People rapidly came together on Twitter to help each other find information, connect users to other users who could translate something or supply an answer, and otherwise assist each other (even outright offering spare rooms to strangers). I noticed people’s lists of followers exploding, and not just those (like @makiwi and @TimeOutTokyo) who were valiantly translating NHK live and otherwise providing information you couldn’t get anywhere else.
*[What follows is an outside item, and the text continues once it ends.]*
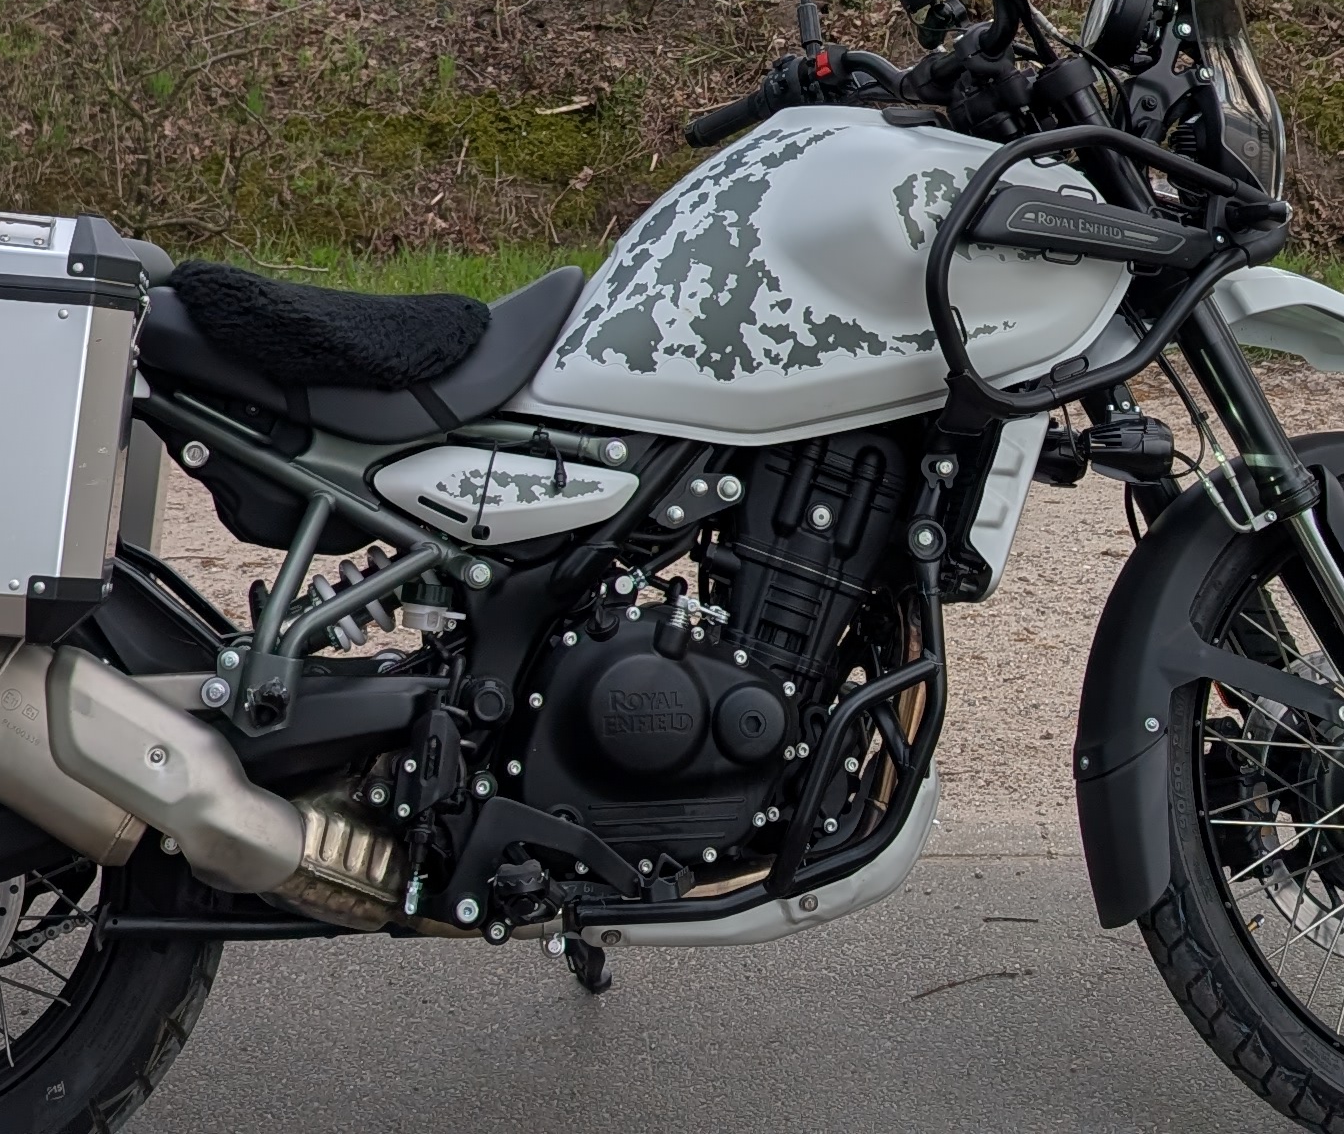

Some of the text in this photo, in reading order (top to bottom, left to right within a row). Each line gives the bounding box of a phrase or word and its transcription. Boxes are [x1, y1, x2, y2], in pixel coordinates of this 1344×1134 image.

Anyway, I can tell you that if I’d been in Japan, I wouldn’t have wanted to have been without Twitter. At the moment of a crisis, of course, it’s better to head for high ground, get under your desk, or whatever rather than checking Twitter (although at least one person was apparently rescued from a rooftop due to Twitter, since he wasn’t able to make a call but could send a tweet!). After that first moment, though, Twitter’s usefulness really kicks in. Disasters of one kind or another–floods, invasions, earthquakes, wildfires, uprisings–can happen almost anywhere. And despite the way we humans naturally tend to think, you’re not immune to disasters if you’re an outsider who is only there for a year or two: without fully-developed family and social networks, high-level language skills, knowledge of your surroundings, a fully-stocked household, and so on, you are probably more vulnerable.

Of course, you can’t necessarily sit there and wait for information to flow in–you need to either already have a well-developed Twitter network or be willing to seek out and find additional useful people to follow (or both). And you need be adventurous and creative in your use of English and the local language to search Twitter for the information you need (and not hesitate to ask people who might be helpful). Two places to start are 1) my Twitter guide for ESL students (simplified, but suitable for anyone, including people who use Twitter but haven’t explored its various functions–hashtags, for example, became very useful for regional information-sharing), and 2) my Twitter lists. To use Twitter lists, click on the name of the list and then the “Following: ” tab at the top. You can choose to follow individual members, who will show up in your Twitter timeline as usual. Or you can follow the whole list, but the members won’t show up in your timeline unless you also follow them individually. To read tweets from the list, you’ll have to go look at the list in your Twitter app or on Twitter.com.

Anyway, sorry for the length, but I hope this is useful to someone (although I suppose it’s better if it’s not, eh?). If you have any questions, let me know–and take care!